On perfect sampling: ROCFTP with Metropolis-multishift coupler
Majid Nabipoor
TL;DR
The paper tackles exact sampling for complex Bayesian posteriors, including those with unbounded state spaces, where standard MCMC diagnostics are insufficient. It introduces ROCFTP with a Metropolis-multishift coupler to produce i.i.d. samples without constructing a target-specific Markov chain, and it uses the Most Interest Range (MIR) to bound starting points and control hitting unlikely regions. The authors establish convergence properties, derive an exponential decay bound for coupling probabilities, and demonstrate robust performance on unimodal and multimodal targets, supported by simulations and QQ analyses. An R package ROCFTP.MMS is provided to enable practical adoption, underscoring the method’s potential for efficient, exact sampling in challenging Bayesian settings.
Abstract
ROCFTP is a perfect sampling algorithm that employs various random operations, and requiring a specific Markov chain construction for each target.

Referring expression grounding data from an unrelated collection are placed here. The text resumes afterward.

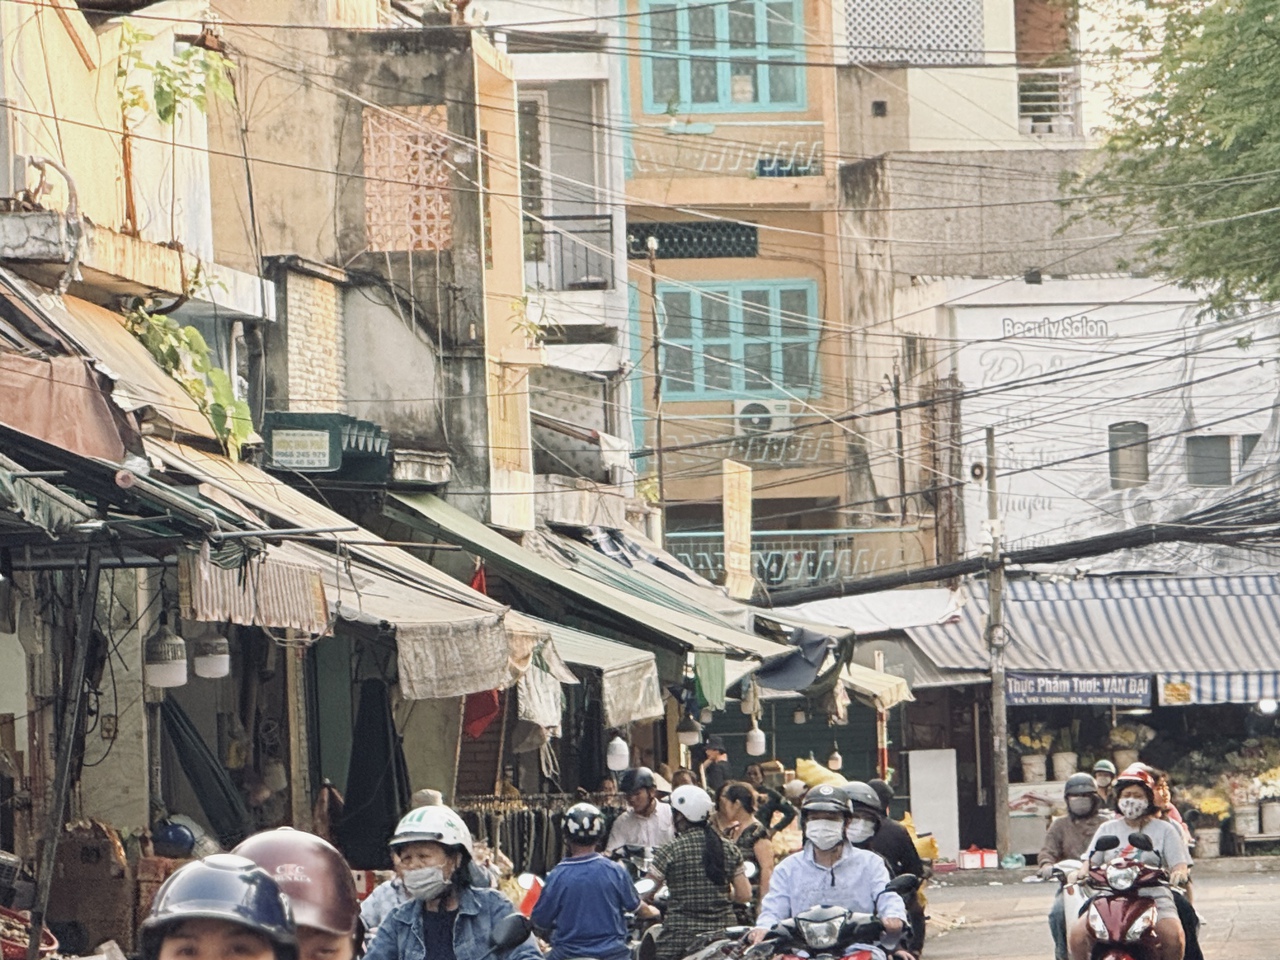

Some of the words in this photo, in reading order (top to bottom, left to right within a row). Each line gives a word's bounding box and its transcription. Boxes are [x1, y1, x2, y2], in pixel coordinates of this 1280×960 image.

[1002, 317, 1061, 338] Beauty
[1063, 316, 1108, 338] Salon
[1006, 677, 1035, 697] Thực
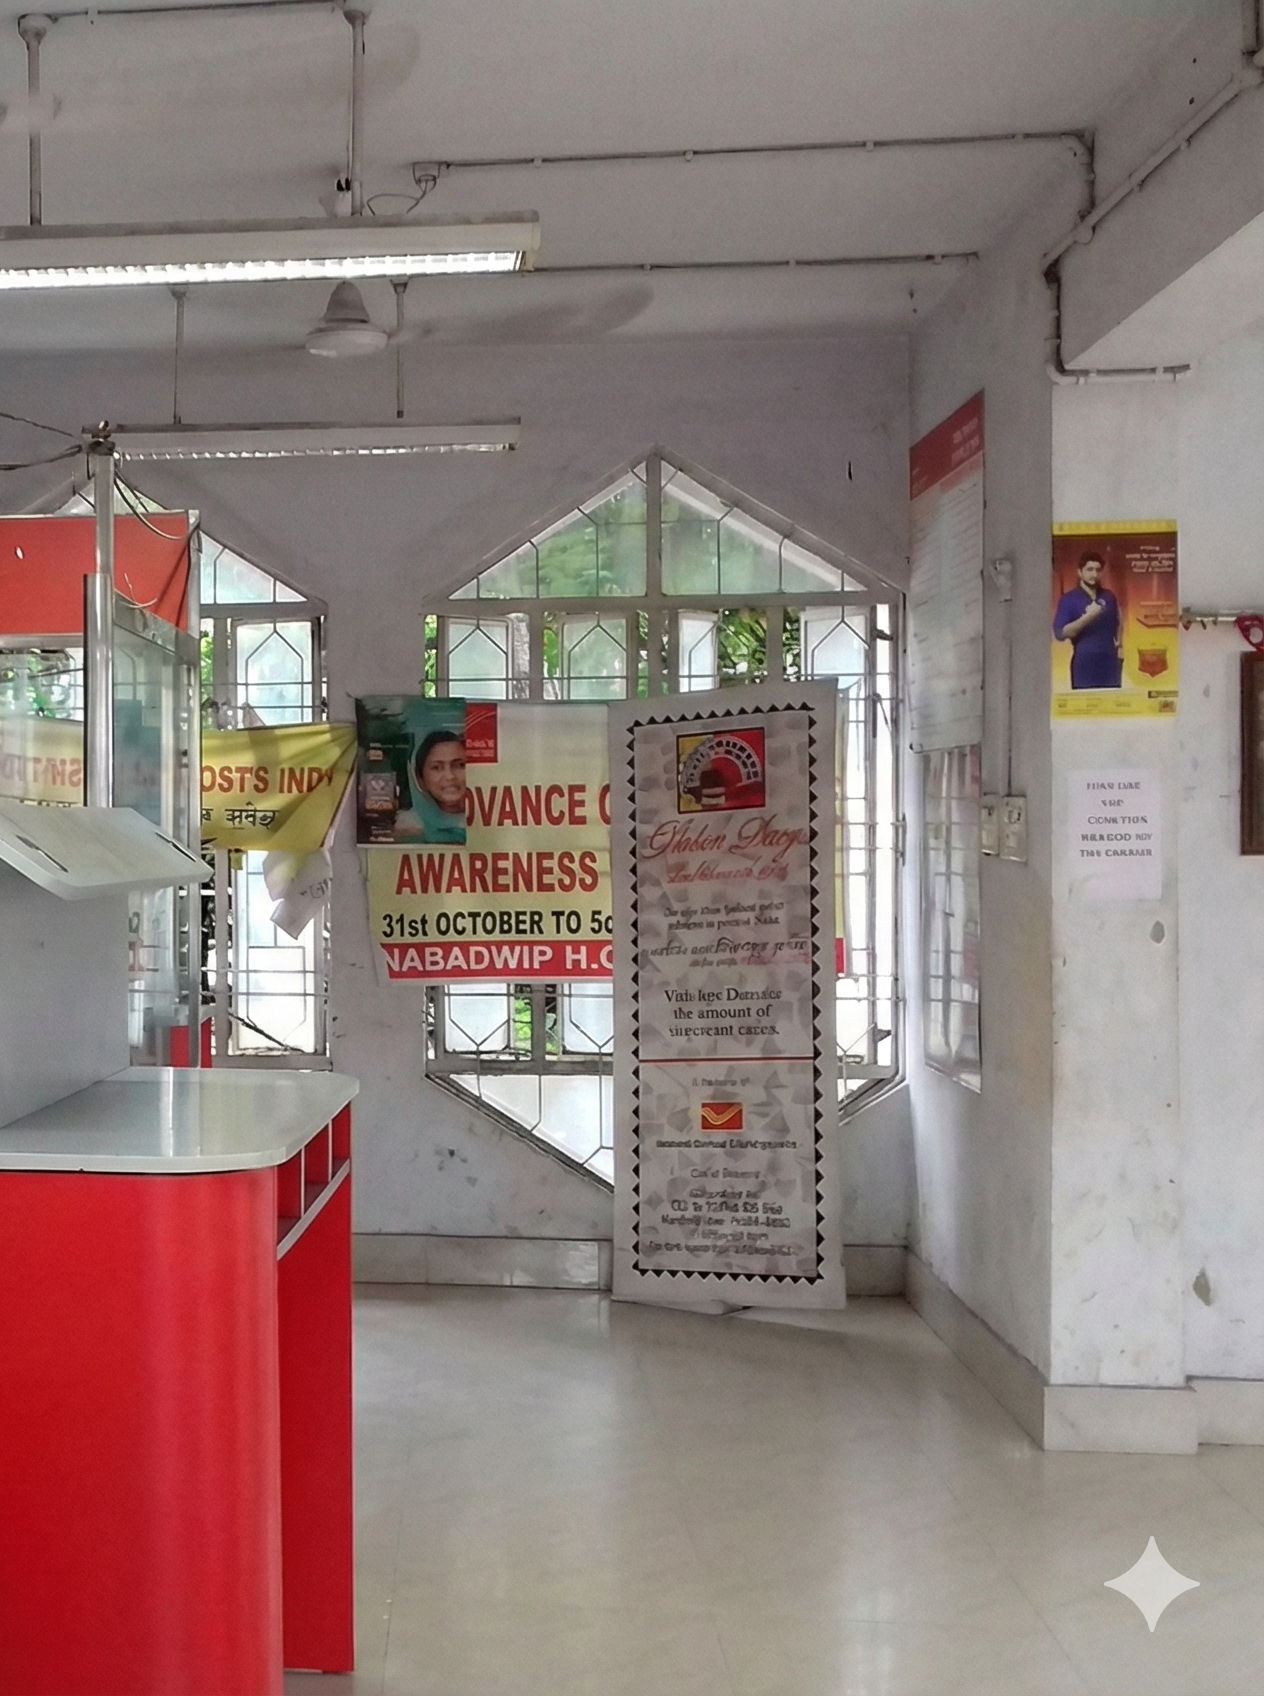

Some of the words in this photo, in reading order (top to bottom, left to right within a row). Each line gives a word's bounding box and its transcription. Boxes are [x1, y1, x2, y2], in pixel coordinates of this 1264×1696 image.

[395, 850, 599, 895] AWARENESS
[382, 912, 429, 938] 31st
[435, 910, 544, 936] OCTOBER
[551, 910, 582, 935] TO
[382, 945, 553, 972] NABADWIP
[697, 1006, 752, 1019] amount
[755, 1004, 773, 1017] of
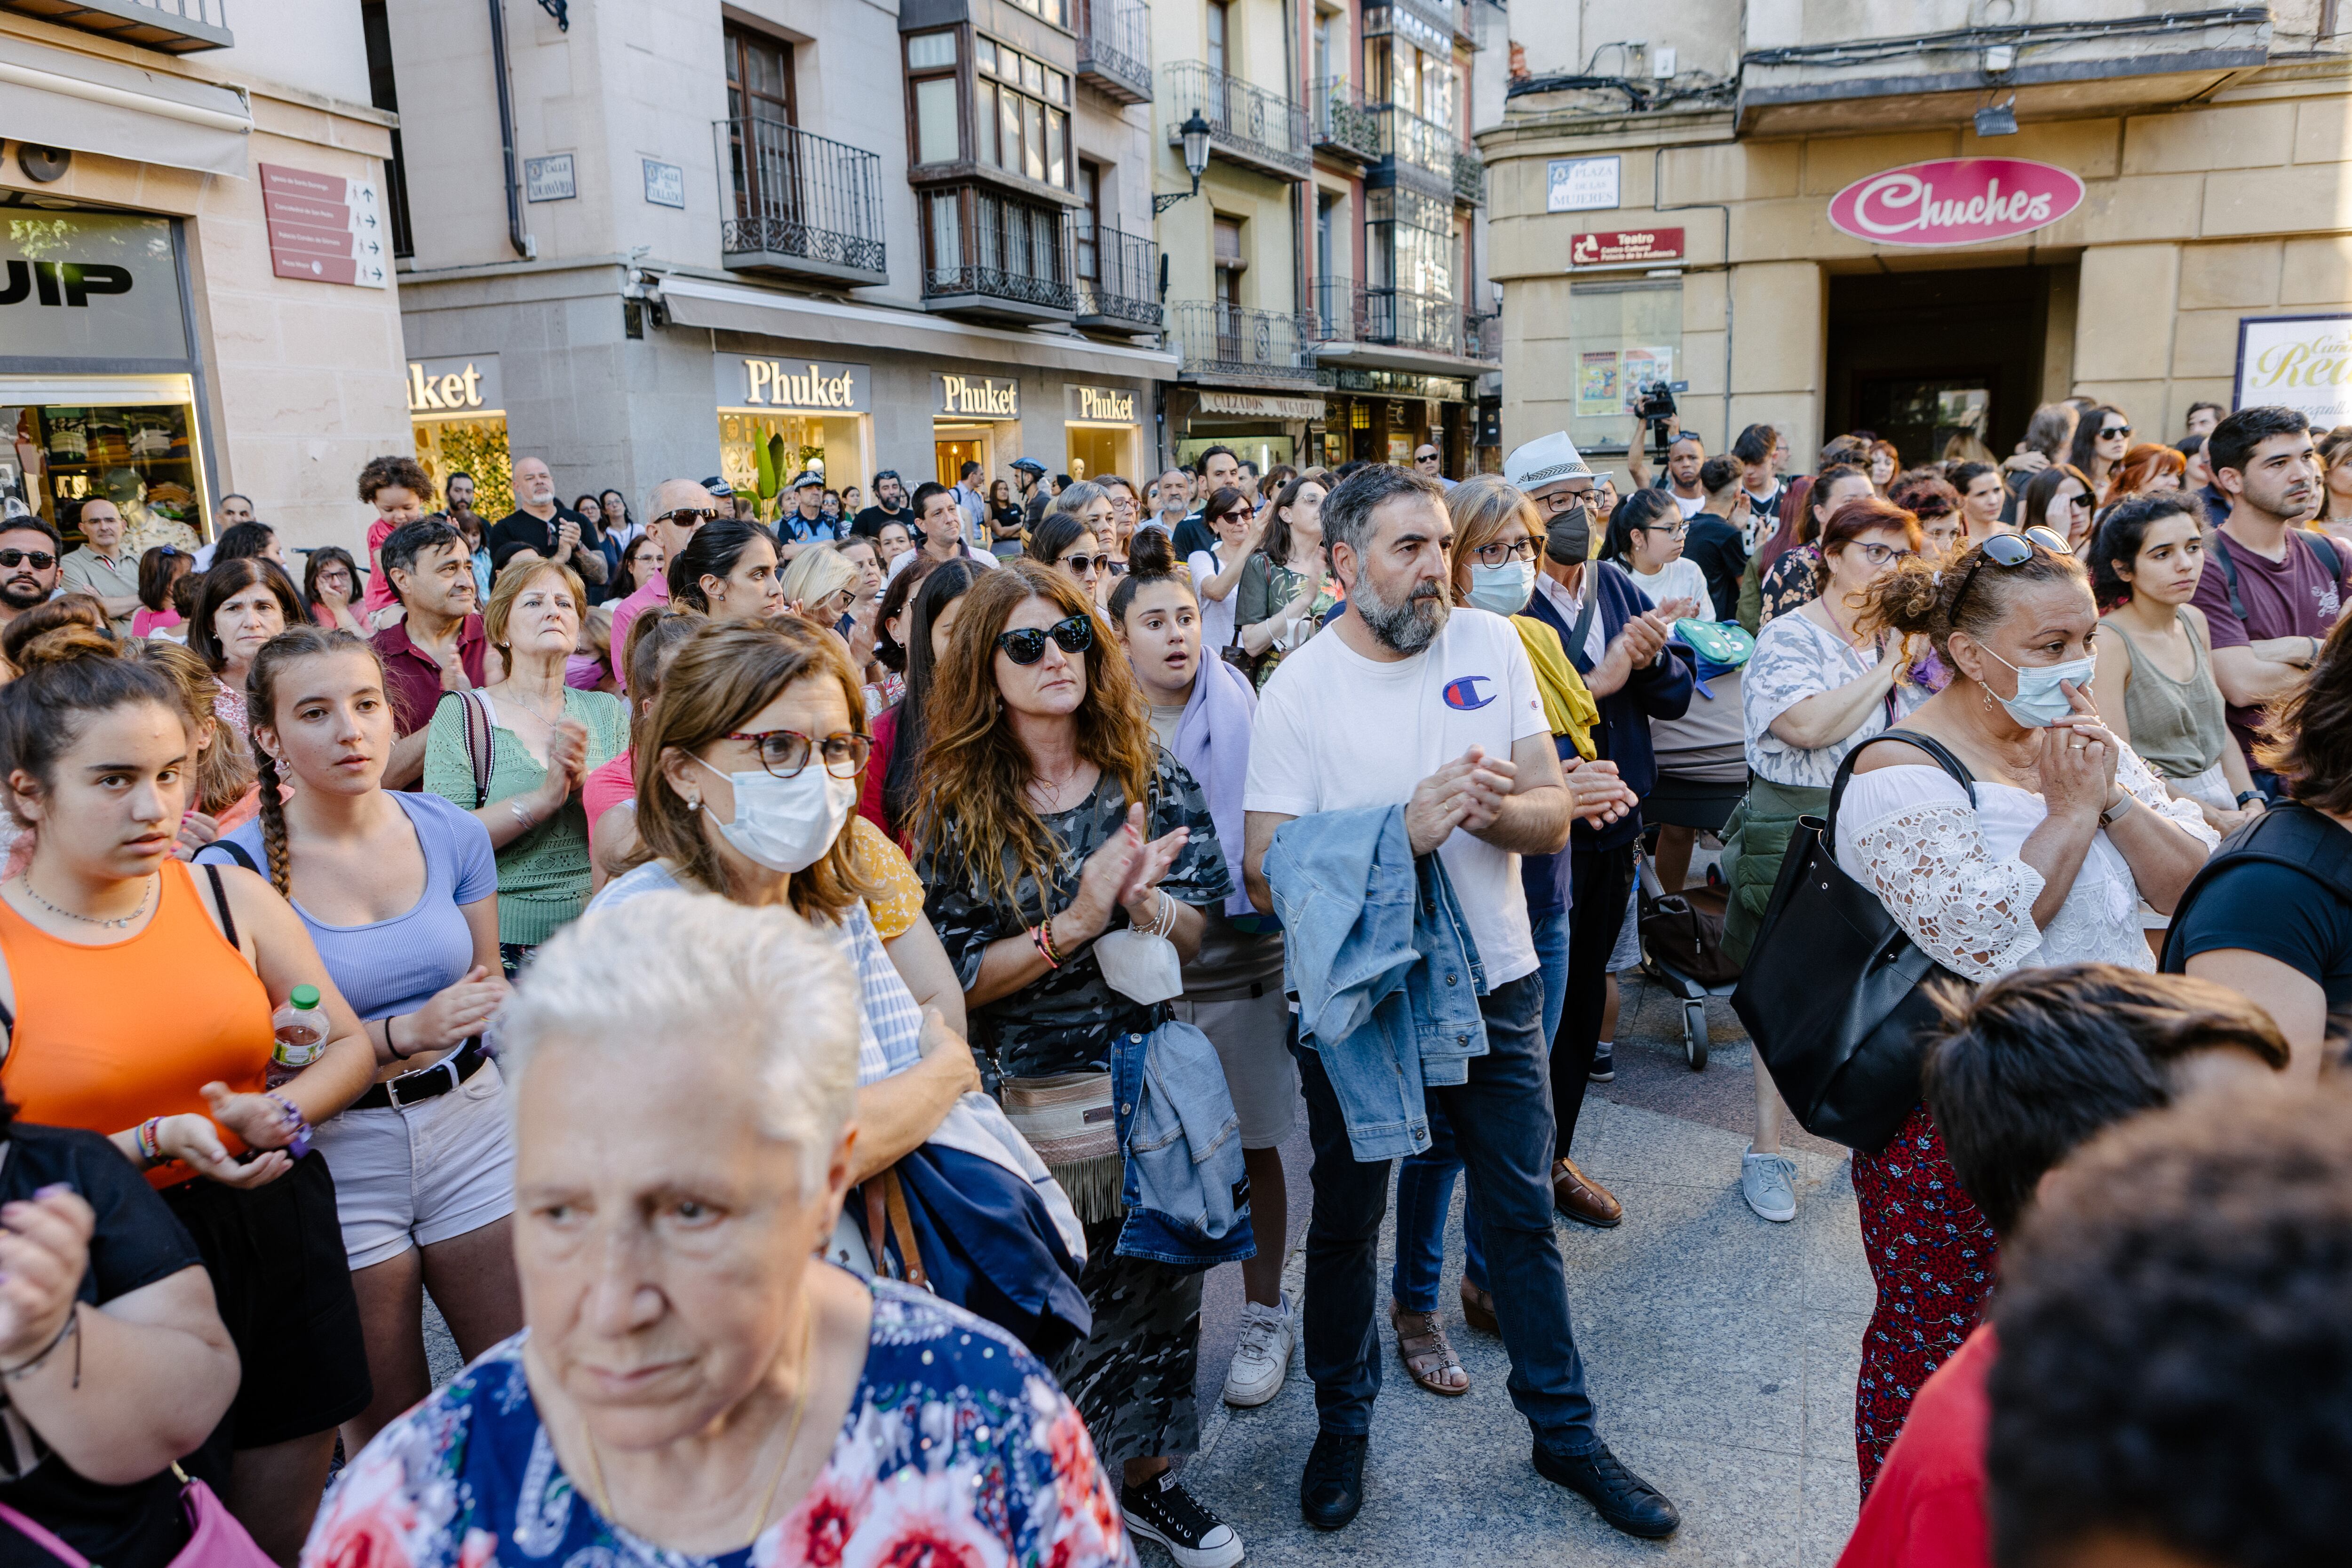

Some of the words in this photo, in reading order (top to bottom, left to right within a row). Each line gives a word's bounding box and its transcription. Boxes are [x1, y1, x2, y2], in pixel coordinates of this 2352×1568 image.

To overcome this requirement, the Metropolis algorithm is incorporated as a random operation within ROCFTP. While the Metropolis sampler functions as a random operation, it isn't a coupler. However, by employing normal multishift coupler as a symmetric proposal for Metropolis, we obtain ROCFTP with Metropolis-multishift. Initially designed for bounded state spaces, ROCFTP's applicability to targets with unbounded state spaces is extended through the introduction of the Most Interest Range (MIR) for practical use. It was demonstrated that selecting MIR decreases the likelihood of ROCFTP hitting $MIR^C$ by a factor of (1 - ε), which is beneficial for practical implementation. The algorithm exhibits a convergence rate characterized by exponential decay. Its performance is rigorously evaluated across various targets, and tests ensure its goodness of fit. Lastly, an R package is provided for generating exact samples using ROCFTP Metropolis-multishift.